On January 18, 2012, Advance Auto Parts, Inc. (“Company”) entered into an Employment Agreement, effective as of January 1, 2012 (“Employment Agreement”), with Jimmie L. Wade, Director and former President of the Company, with an initial one-year term, which will be automatically renewable for additional one-year terms unless either party provides notice of non-renewal at least 90 days prior to the end of the then effective term. The Employment Agreement supersedes and replaces his former executive employment agreement and was entered into in conjunction with Mr. Wade's transition to the role of former President and his continued employment with the Company as disclosed in a Current Report on Form 8-K filed with the Securities and Exchange Commission on September 13, 2011. Mr. Wade also continues in his role as a Director of the Company.
Under the terms of the agreement, Mr. Wade will receive an annual base salary of $150,000 and annual equity grants in the form of restricted stock valued at no less than $100,000. Mr. Wade is eligible to participate in all of the Company's applicable benefit plans and programs pursuant to the terms of such programs. If his employment is terminated in the event of his death, the Company shall pay $300,000 to Mr. Wade or his designated beneficiary or estate. In the event Mr. Wade's employment is terminated on account his disability, the Company will pay him an amount equivalent to thirty percent (30%) of the Employee's Base Salary for a one year period. In addition, if Mr. Wade's employment is terminated on account of his death or disability, all of the time-based restricted stock, stock appreciation rights (“SARs”) and stock options granted to Mr. Wade pursuant to the Company's 2004 Long-Term Incentive Plan (“2004 Plan”) or any successor plan will vest and become exercisable if not then vested or exercisable. All performance-based restricted stock and SARs will become eligible for issuance or exercise on the normal vesting date for the applicable performance-based awards on a pro rata basis for the time that Mr. Wade was employed during the performance period. The pro rata amount of performance-based restricted stock and SARs that will become eligible for issuance or exercise will be no fewer than the total number of shares at target level less the previously vested portion of time-based restricted stock and SARs.

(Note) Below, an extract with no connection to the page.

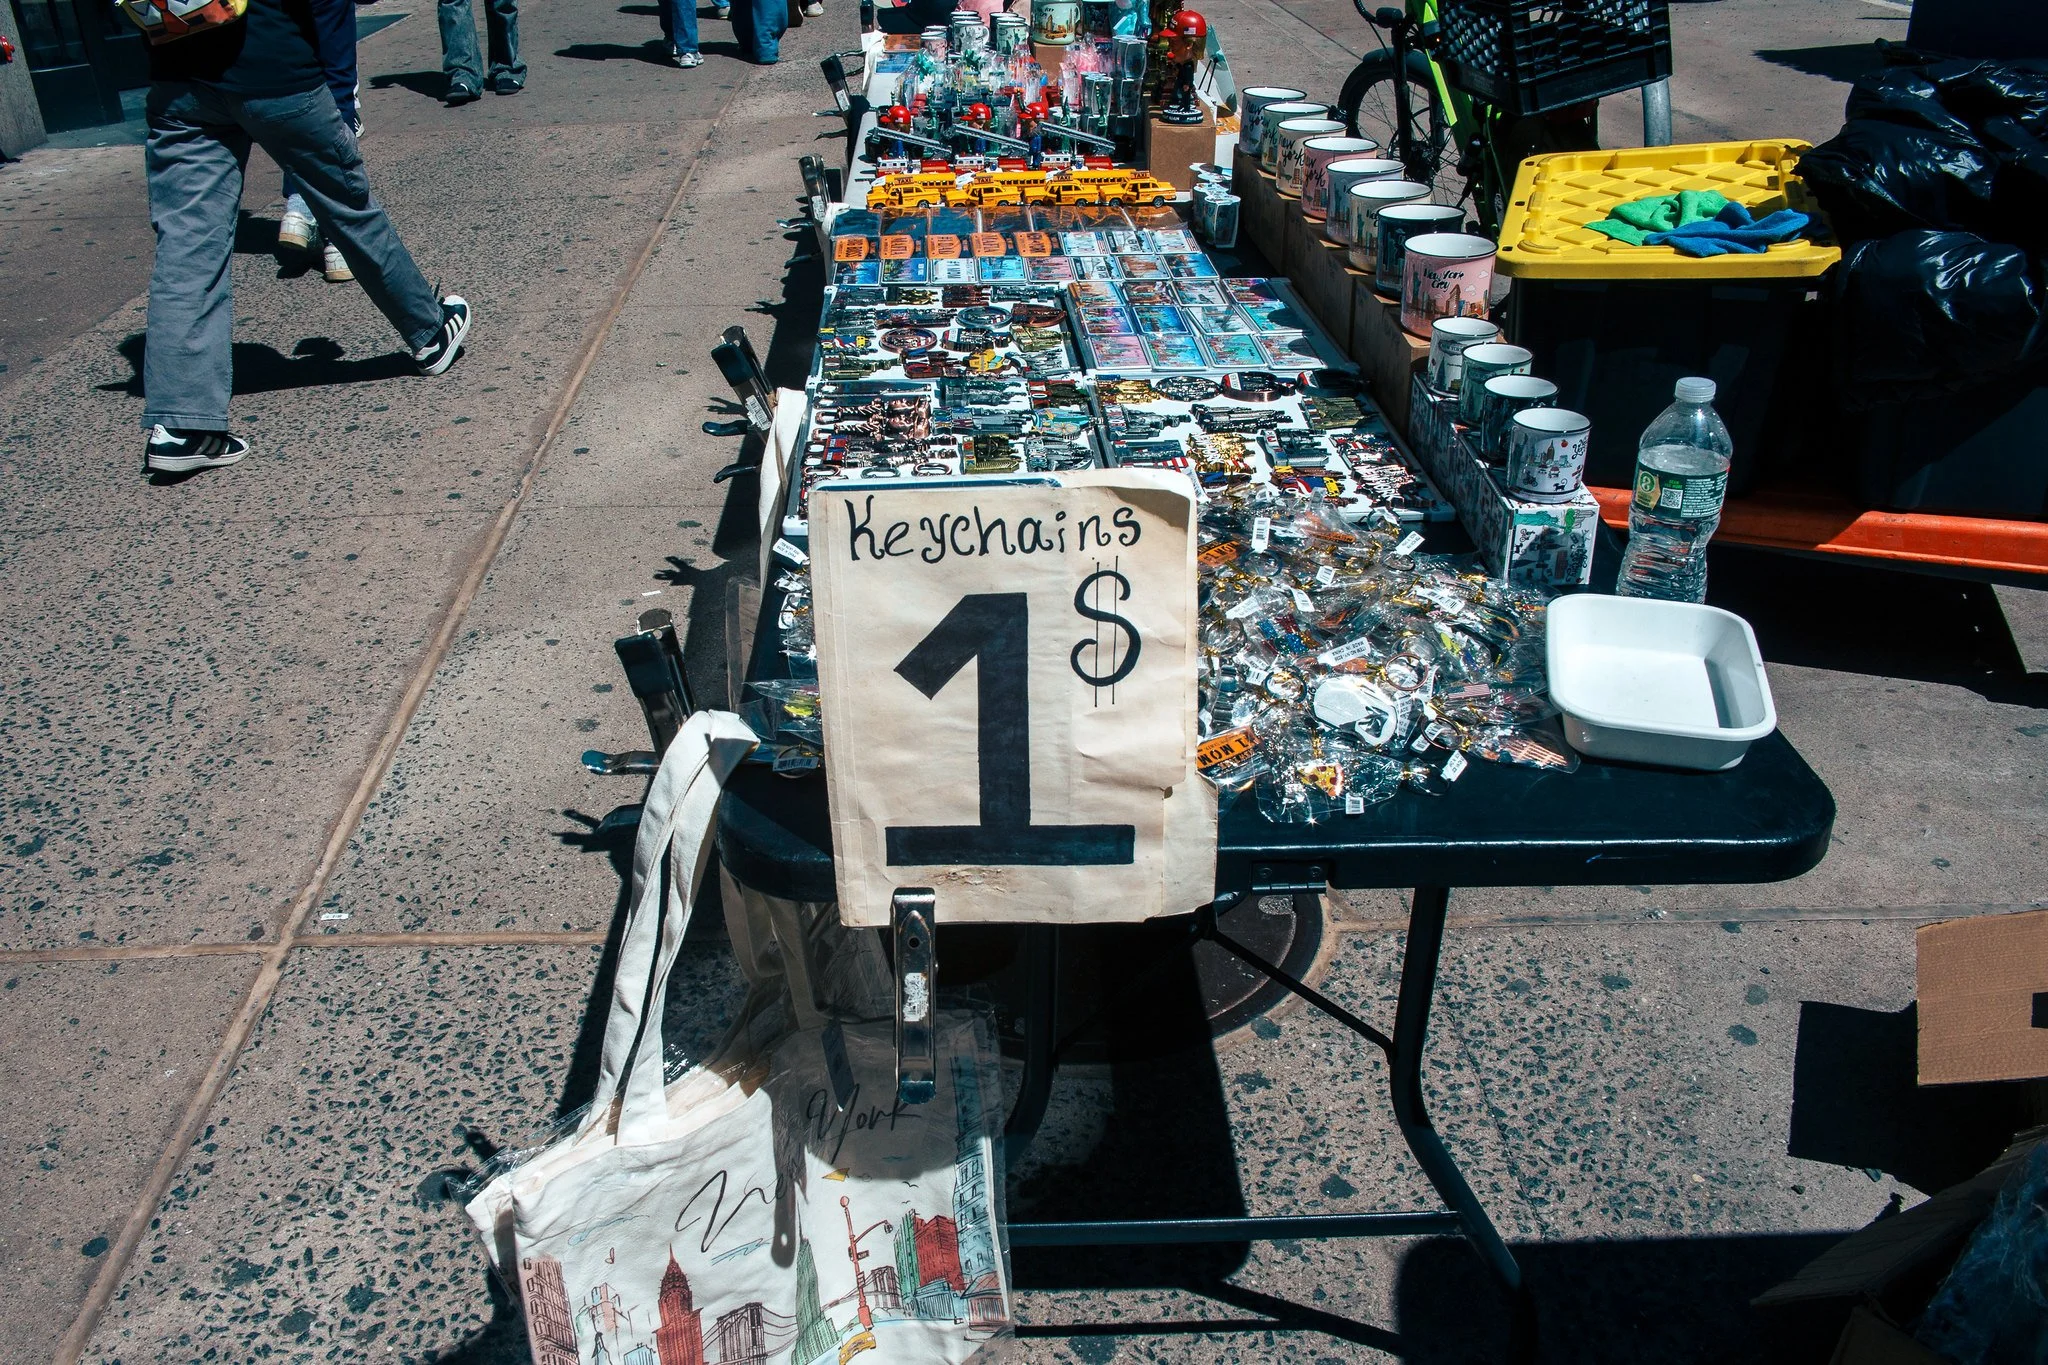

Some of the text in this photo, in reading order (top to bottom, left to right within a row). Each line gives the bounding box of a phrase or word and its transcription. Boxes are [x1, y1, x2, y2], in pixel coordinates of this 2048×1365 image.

[845, 495, 1142, 564] Keychains
[886, 592, 1135, 866] 1
[1197, 743, 1235, 766] MOM

If the Company terminates Mr. Wade's employment without “Cause” (as defined in the agreement) or if he terminates his employment for “Good Reason” (as defined in the agreement) (other than following a Change in Control), he will be entitled to severance in the amount of $300,000. In addition, the Company will pay his COBRA premium for continuation of health coverage, all subject to his signing a general release and complying with the non-competition and non-solicitation agreements described below. In addition, all shares of restricted stock, SARs and stock options granted to the executive pursuant to the Company's 2004 Plan will vest as specified in the preceding paragraph.

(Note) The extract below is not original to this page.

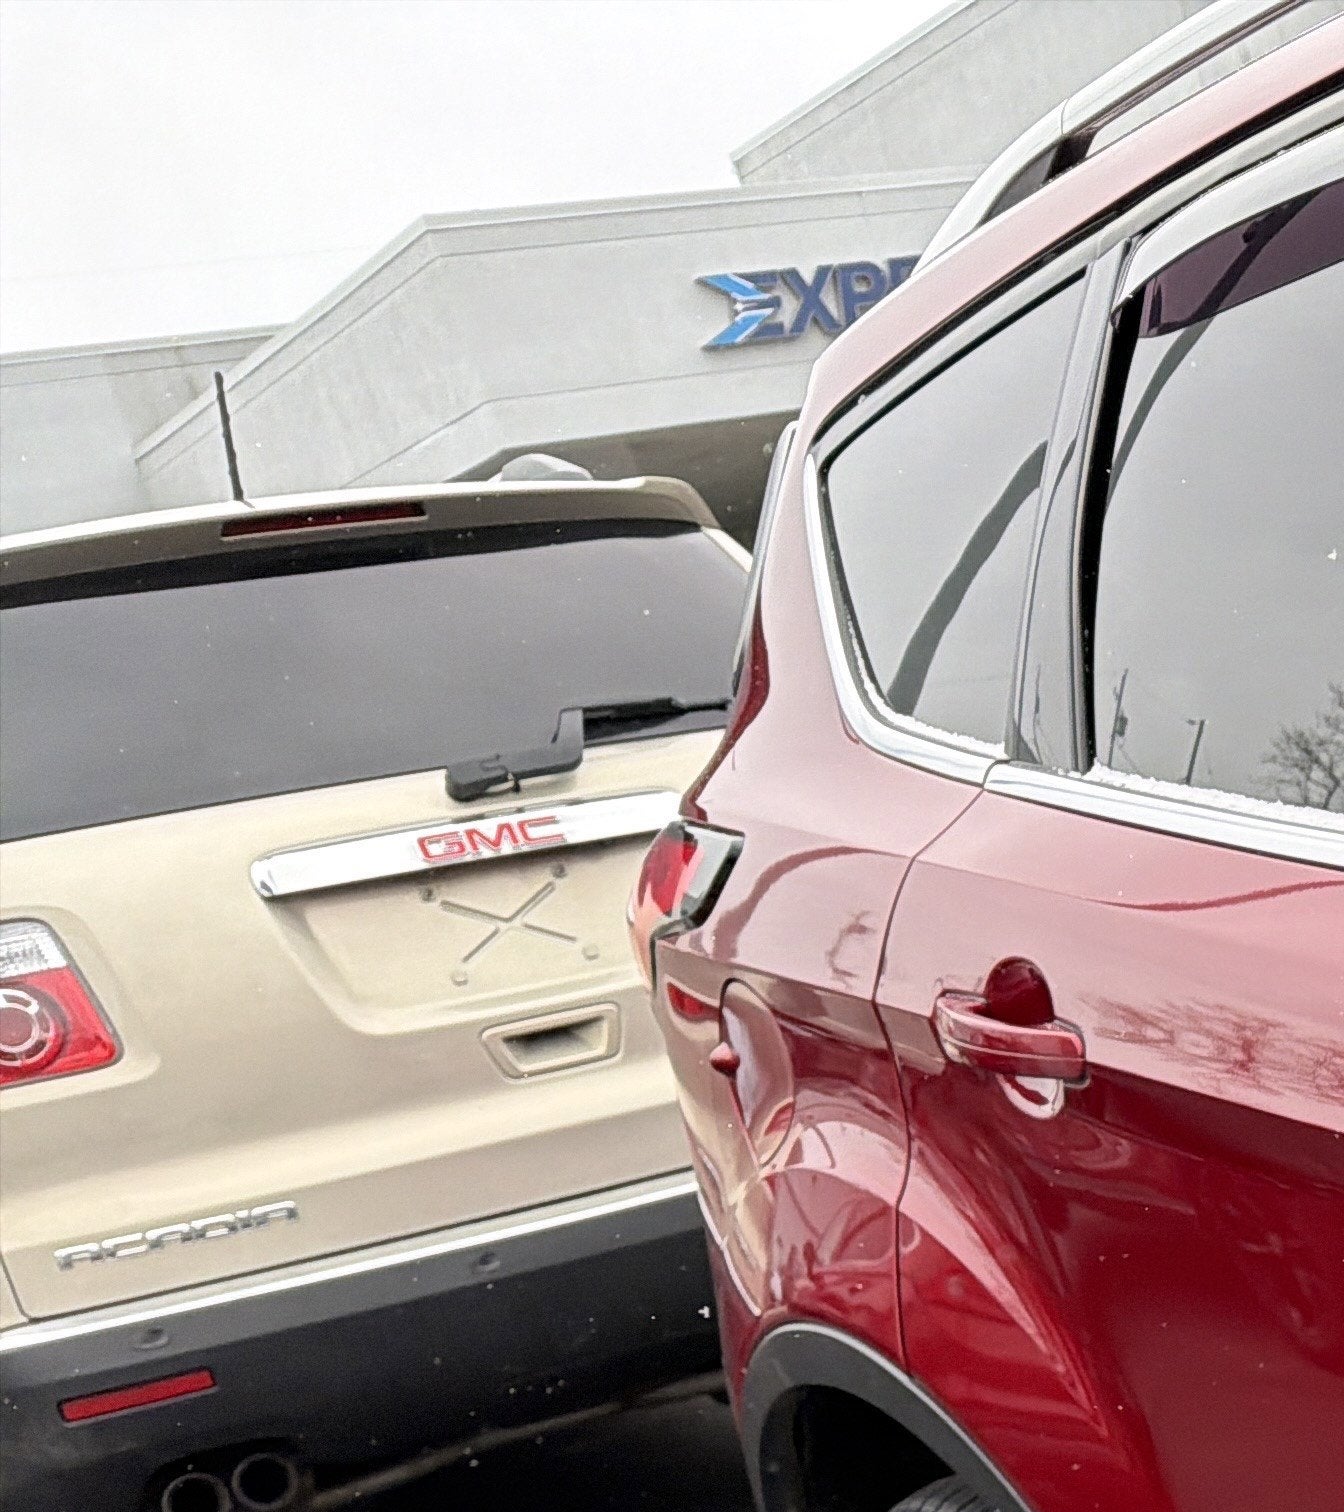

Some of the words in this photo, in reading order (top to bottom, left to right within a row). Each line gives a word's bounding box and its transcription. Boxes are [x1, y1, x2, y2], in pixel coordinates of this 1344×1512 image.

[696, 253, 922, 350] EXP
[417, 816, 565, 863] GMC
[54, 1200, 298, 1271] ACADIA

If within twelve months after a “Change in Control” (as defined by reference to the definition of Change in Control contained in the 2004 Plan), the Company terminates Mr. Wade's employment other than for Cause, death or disability or he terminates his employment for Good Reason, he will be entitled to a severance payment in the amount of $300,000, together with the other benefits and 2004 Plan awards as specified in the preceding paragraph. If payments upon termination of employment related to a Change in Control would be subjected to the excise tax imposed by Section 4999 of the Internal Revenue Code, and if reducing the amount of the payments would result in greater benefits to him (after taking into consideration the payment of all income and excise taxes that would be owed by Mr. Wade as a result of the Change in Control payments), the Company will
reduce the Change in Control payments by the amount necessary to maximize the benefits received by him, determined on an after-tax basis.
Mr. Wade will be subject to standard confidentiality and non-disparagement agreements during and following their employment as well as customary non-competition and non-solicitation covenants which will continue following the termination of his employment.
The above description of the employment agreement is not complete and is qualified in its entirety by the full text of the employment agreement, which is filed as Exhibit 10.46 to this Current Report on Form 8-K.
Item 9.01 Financial Statements and Exhibits.
(d) Exhibits.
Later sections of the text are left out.